Task to complete:
Without the pictures, output the records below exactly as they are.

Dataset entries
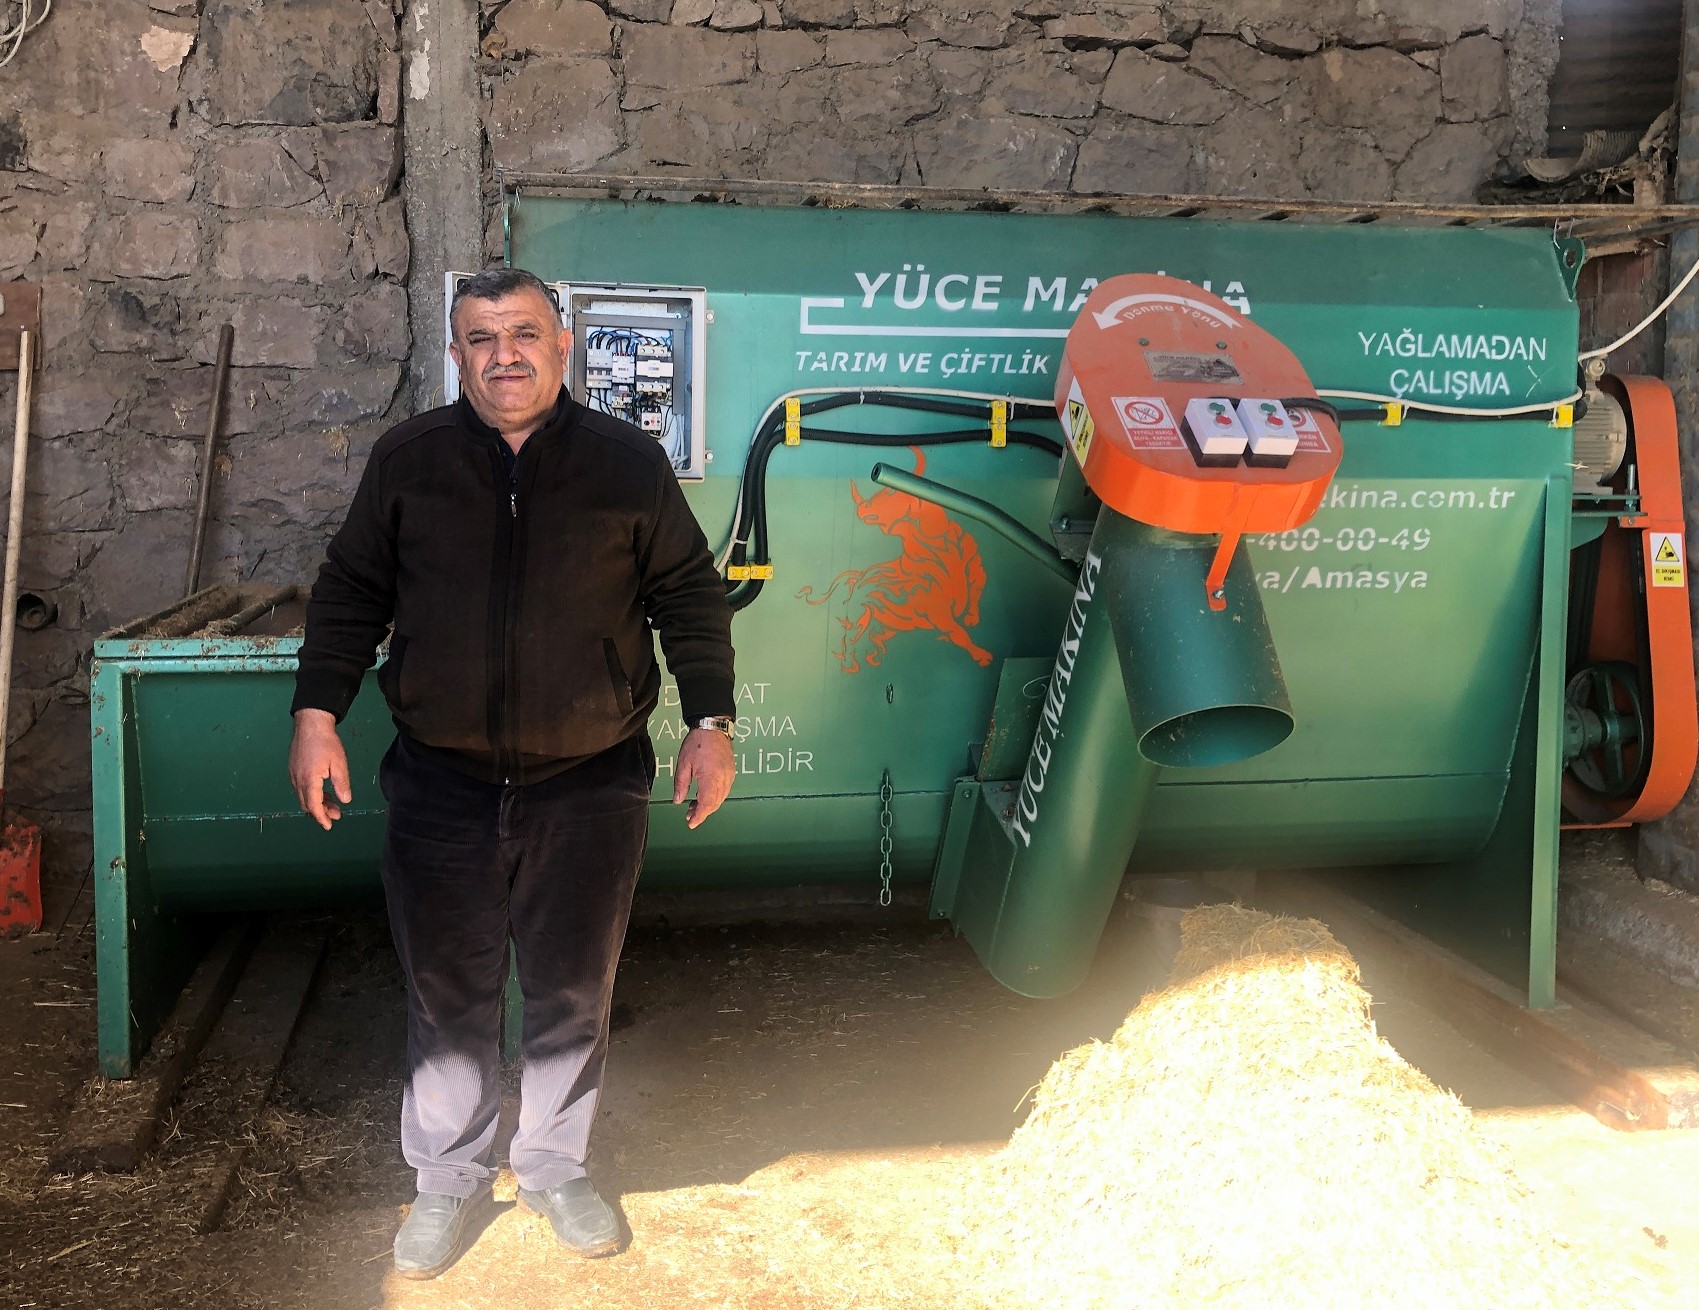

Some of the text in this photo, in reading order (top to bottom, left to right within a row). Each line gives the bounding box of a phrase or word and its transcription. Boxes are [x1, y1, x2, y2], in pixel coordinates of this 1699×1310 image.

[854, 263, 1252, 315] YÜCE MAA
[1358, 327, 1547, 361] YAĞLAMADAN
[795, 347, 1051, 379] TARIM VE ÇİFTLİK
[1389, 368, 1511, 400] ÇALIŞMA
[1320, 485, 1515, 509] kina.com.tr
[664, 682, 771, 707] DAT
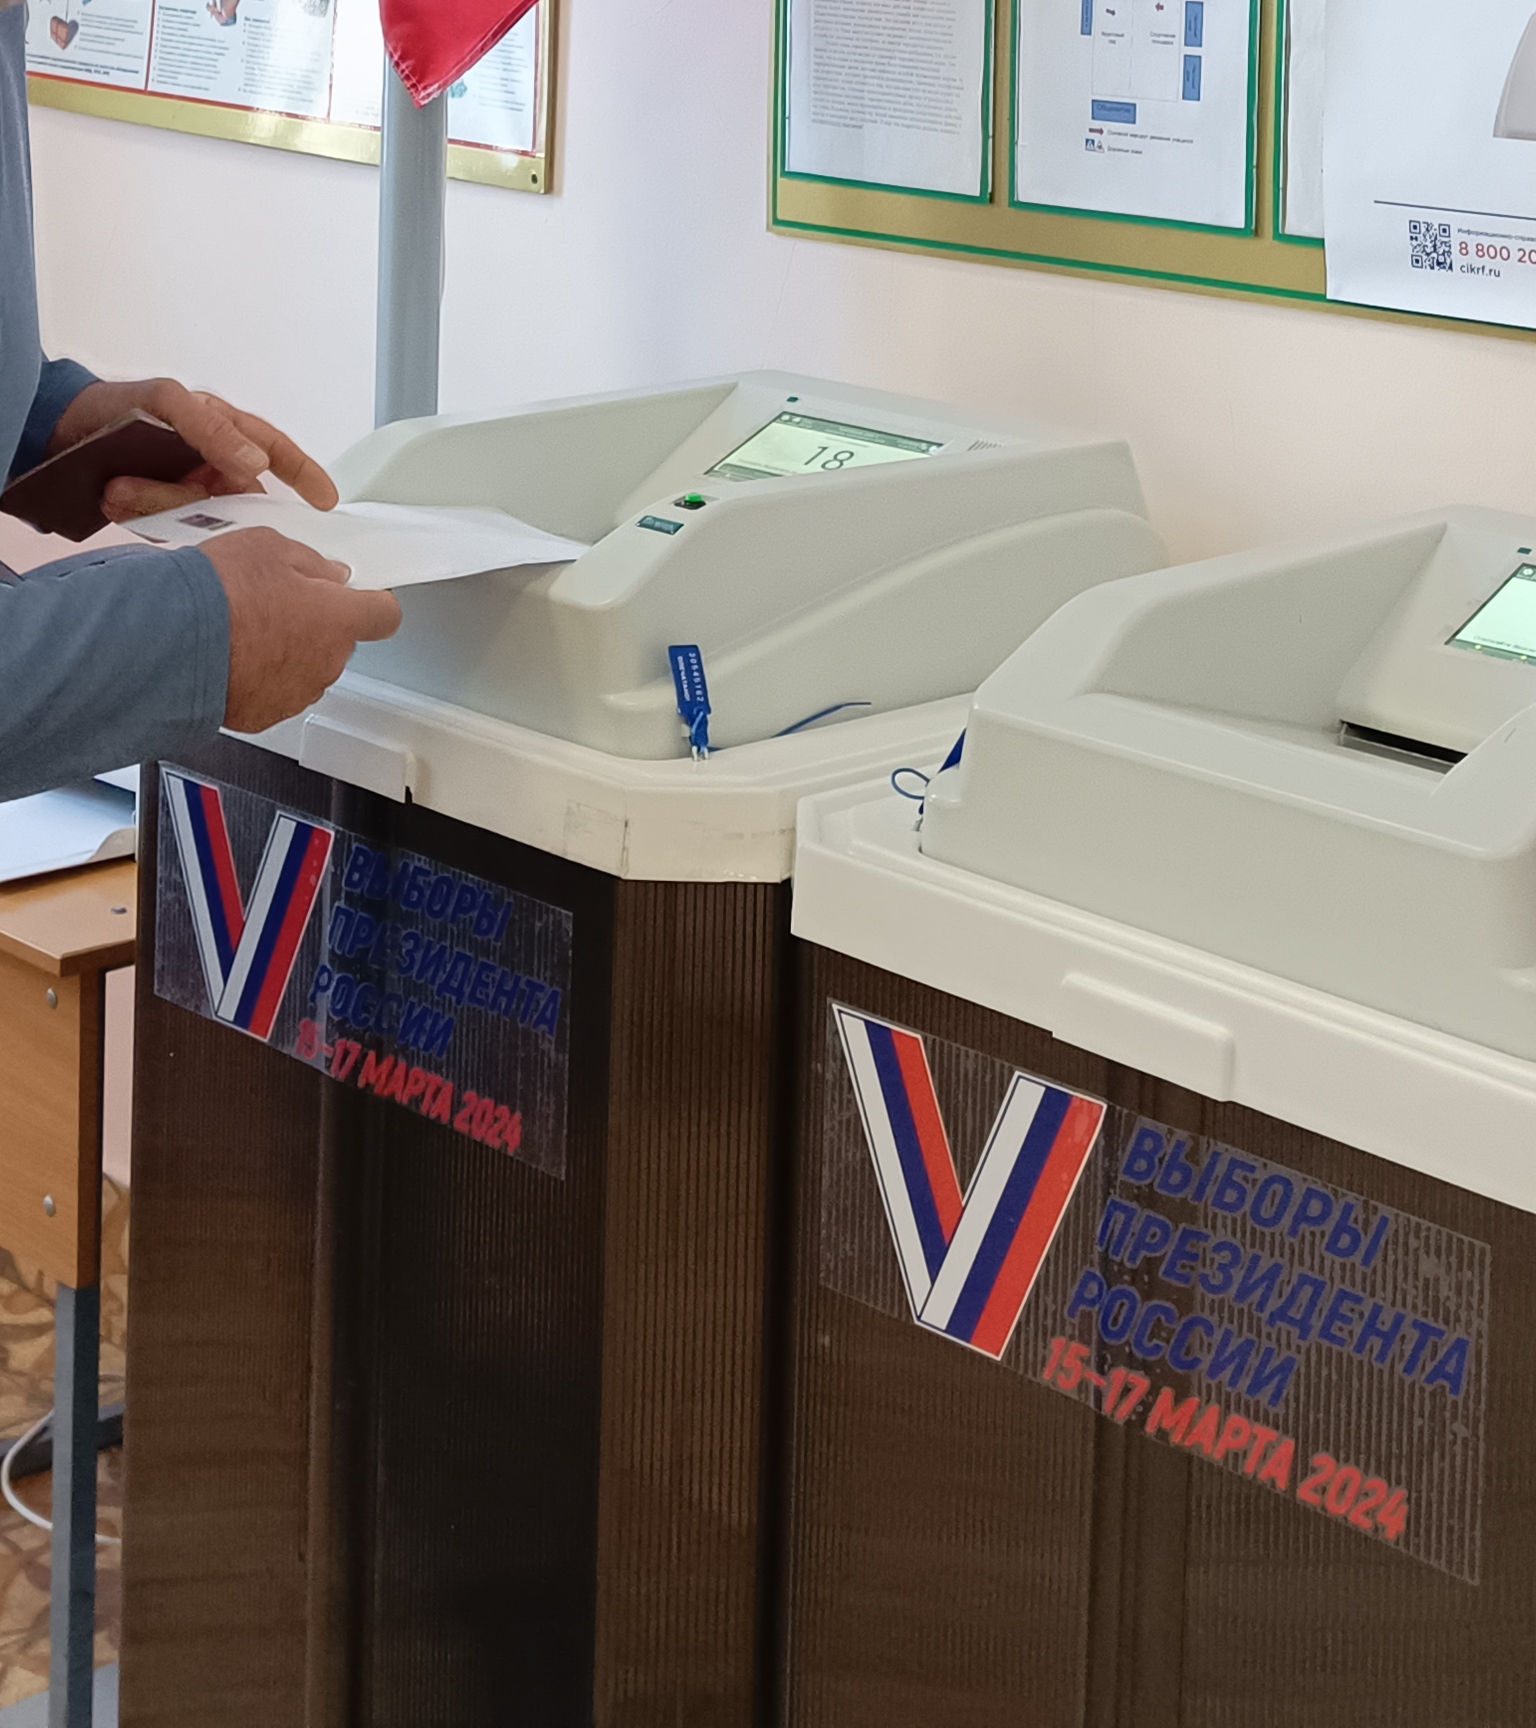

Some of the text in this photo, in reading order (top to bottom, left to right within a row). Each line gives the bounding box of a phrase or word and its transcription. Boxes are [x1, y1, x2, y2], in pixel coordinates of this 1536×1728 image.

[1458, 241, 1469, 256] 8
[1475, 242, 1511, 261] 800
[1459, 264, 1501, 278] cikrf.ru
[803, 445, 855, 472] 18
[344, 842, 514, 943] ВЫБОРЫ
[309, 964, 457, 1060] РОССИИ
[328, 902, 563, 1038] ПРЕЗИДЕНТА
[357, 1052, 454, 1125] МАРТА
[454, 1091, 524, 1155] 2024
[1121, 1126, 1391, 1270] ВЫБОРЫ
[1066, 1269, 1300, 1410] РОССИИ
[1096, 1198, 1473, 1397] ПРЕЗИДЕНТА
[1144, 1388, 1297, 1491] МАРТА
[1296, 1454, 1410, 1542] 2024

Final answer:
Some of the text in this photo, in reading order (top to bottom, left to right within a row). Each line gives the bounding box of a phrase or word and its transcription. Boxes are [x1, y1, x2, y2], in pixel coordinates of this 1699×1310 image.

[854, 263, 1252, 315] YÜCE MAA
[1358, 327, 1547, 361] YAĞLAMADAN
[795, 347, 1051, 379] TARIM VE ÇİFTLİK
[1389, 368, 1511, 400] ÇALIŞMA
[1320, 485, 1515, 509] kina.com.tr
[664, 682, 771, 707] DAT

Some of the text in this photo, in reading order (top to bottom, left to right within a row). Each line gives the bounding box of a phrase or word and its transcription. Boxes are [x1, y1, x2, y2], in pixel coordinates of this 1536×1728 image.

[1458, 241, 1469, 256] 8
[1475, 242, 1511, 261] 800
[1459, 264, 1501, 278] cikrf.ru
[803, 445, 855, 472] 18
[344, 842, 514, 943] ВЫБОРЫ
[309, 964, 457, 1060] РОССИИ
[328, 902, 563, 1038] ПРЕЗИДЕНТА
[357, 1052, 454, 1125] МАРТА
[454, 1091, 524, 1155] 2024
[1121, 1126, 1391, 1270] ВЫБОРЫ
[1066, 1269, 1300, 1410] РОССИИ
[1096, 1198, 1473, 1397] ПРЕЗИДЕНТА
[1144, 1388, 1297, 1491] МАРТА
[1296, 1454, 1410, 1542] 2024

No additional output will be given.